■ **Action item**: Exactly as they appear, transcribe the entries and skip any pictures.

*** Listed records Section Begins ***

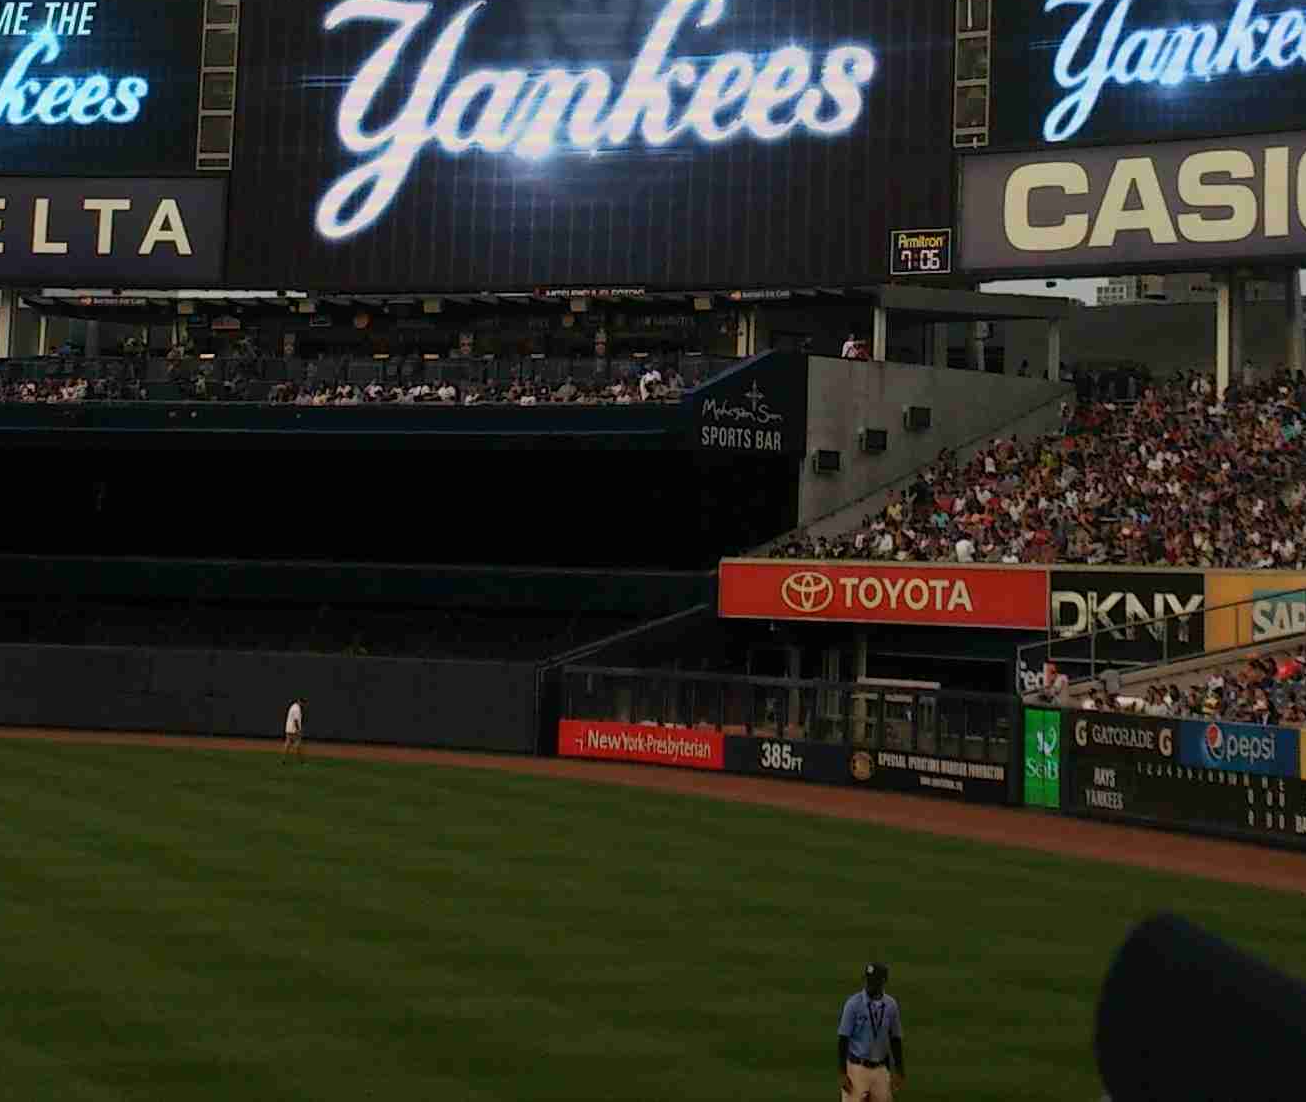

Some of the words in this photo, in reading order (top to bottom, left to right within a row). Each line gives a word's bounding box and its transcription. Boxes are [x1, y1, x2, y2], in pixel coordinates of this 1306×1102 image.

[46, 1, 96, 36] THE
[898, 234, 941, 248] Armitron
[701, 426, 751, 449] SPORTS
[756, 429, 782, 450] BAR
[839, 577, 973, 612] TOYOTA
[1052, 591, 1204, 642] DKNY
[1093, 725, 1157, 748] GATORADE
[1226, 732, 1277, 764] pepsi
[1085, 789, 1125, 810] YANKEES
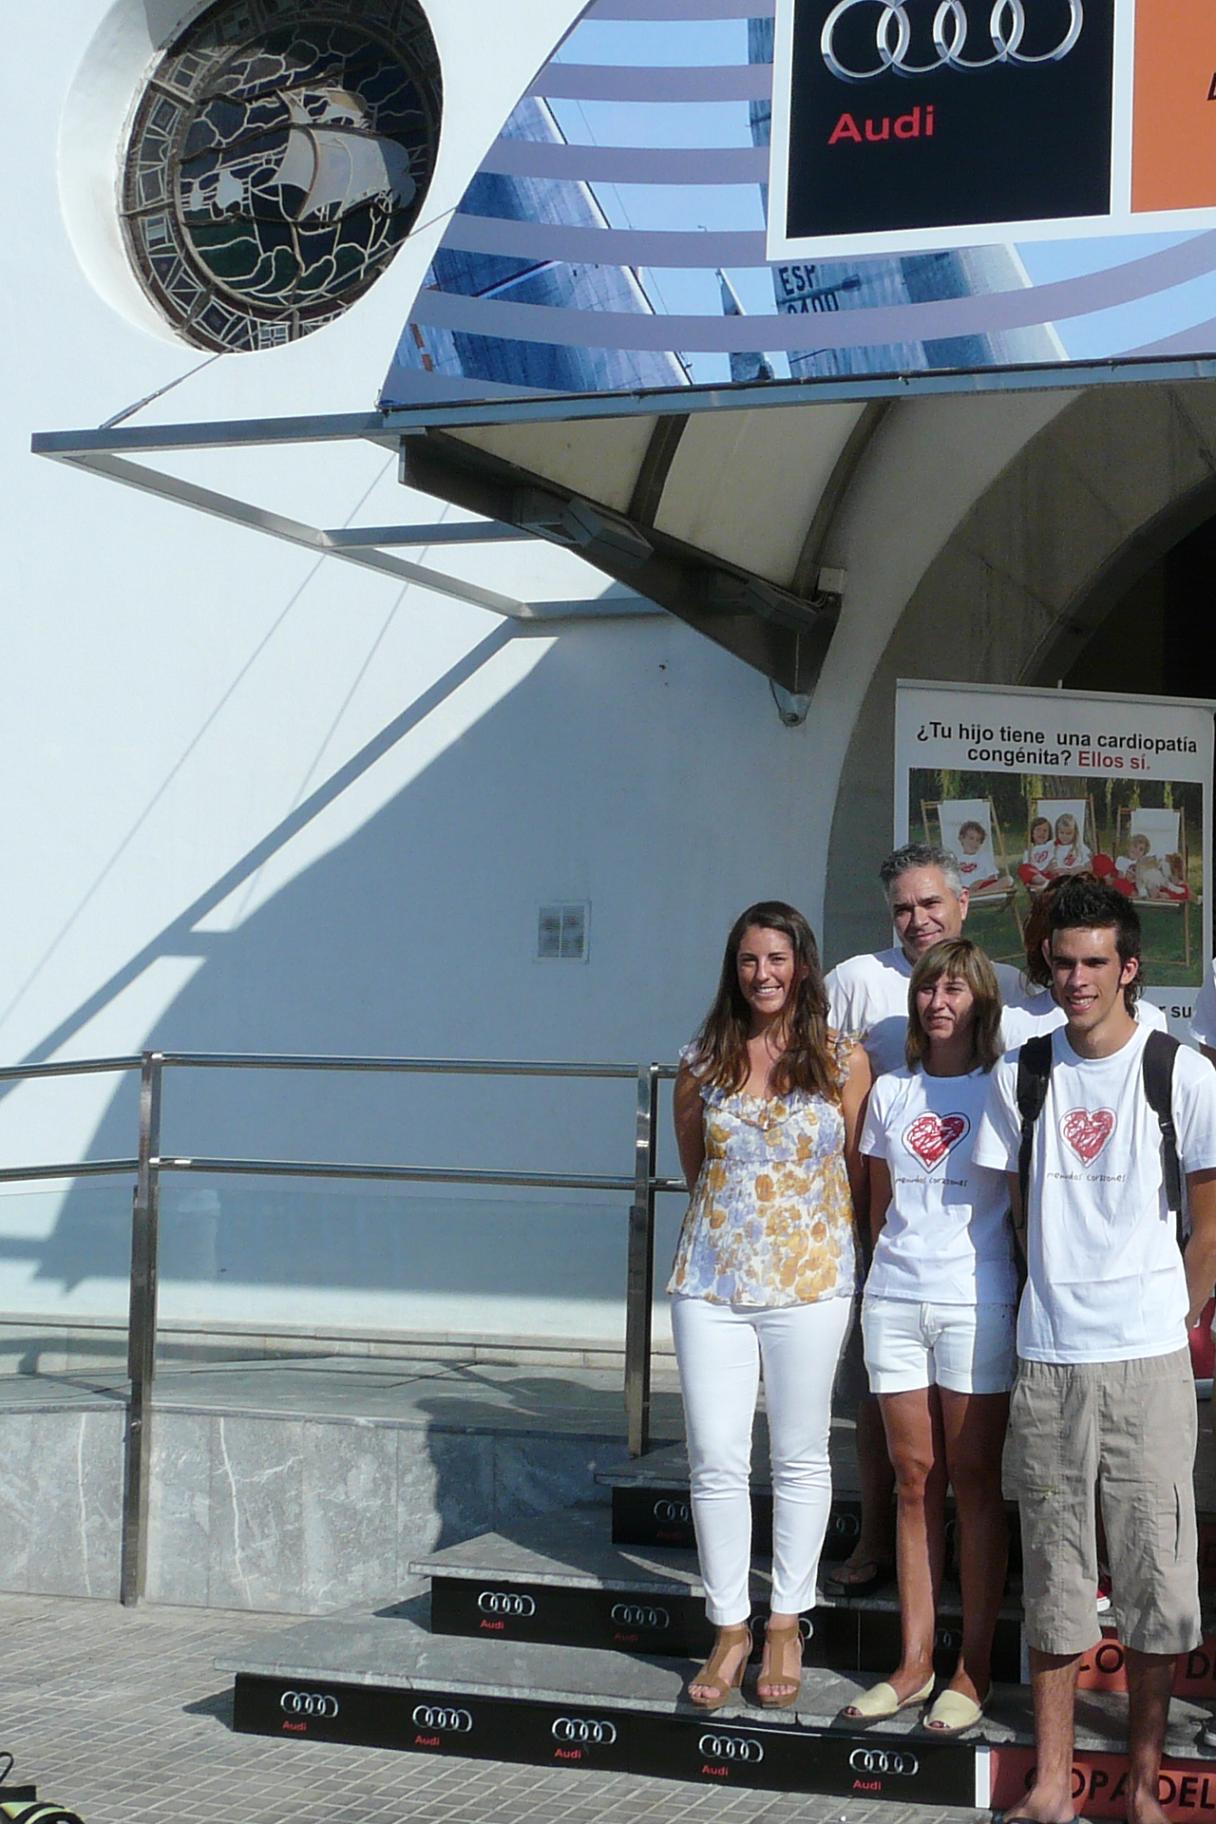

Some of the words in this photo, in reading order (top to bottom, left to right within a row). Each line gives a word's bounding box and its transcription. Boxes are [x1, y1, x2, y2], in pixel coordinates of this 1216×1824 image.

[828, 105, 934, 144] Audi
[917, 721, 951, 741] ¿Tu
[959, 723, 994, 744] hijo
[1000, 726, 1045, 744] tiene
[1057, 733, 1091, 746] una
[1097, 733, 1197, 754] cardiopatía
[967, 747, 1072, 766] congénita?
[1078, 751, 1124, 768] Ellos
[1130, 754, 1151, 770] sí.
[1171, 1006, 1192, 1018] su
[480, 1618, 504, 1630] Audi
[614, 1631, 639, 1642] Audi
[282, 1720, 307, 1732] Audi
[415, 1734, 440, 1746] Audi
[554, 1748, 582, 1760] Audi
[702, 1765, 729, 1777] Audi
[853, 1779, 883, 1791] Audi

*** Listed records Section Ends ***

■ **Exercise solution**:
Some of the words in this photo, in reading order (top to bottom, left to right within a row). Each line gives a word's bounding box and its transcription. Boxes are [x1, y1, x2, y2], in pixel coordinates of this 1306×1102 image.

[46, 1, 96, 36] THE
[898, 234, 941, 248] Armitron
[701, 426, 751, 449] SPORTS
[756, 429, 782, 450] BAR
[839, 577, 973, 612] TOYOTA
[1052, 591, 1204, 642] DKNY
[1093, 725, 1157, 748] GATORADE
[1226, 732, 1277, 764] pepsi
[1085, 789, 1125, 810] YANKEES

Some of the words in this photo, in reading order (top to bottom, left to right within a row). Each line gives a word's bounding box and its transcription. Boxes are [x1, y1, x2, y2], in pixel coordinates of this 1216×1824 image.

[828, 105, 934, 144] Audi
[917, 721, 951, 741] ¿Tu
[959, 723, 994, 744] hijo
[1000, 726, 1045, 744] tiene
[1057, 733, 1091, 746] una
[1097, 733, 1197, 754] cardiopatía
[967, 747, 1072, 766] congénita?
[1078, 751, 1124, 768] Ellos
[1130, 754, 1151, 770] sí.
[1171, 1006, 1192, 1018] su
[480, 1618, 504, 1630] Audi
[614, 1631, 639, 1642] Audi
[282, 1720, 307, 1732] Audi
[415, 1734, 440, 1746] Audi
[554, 1748, 582, 1760] Audi
[702, 1765, 729, 1777] Audi
[853, 1779, 883, 1791] Audi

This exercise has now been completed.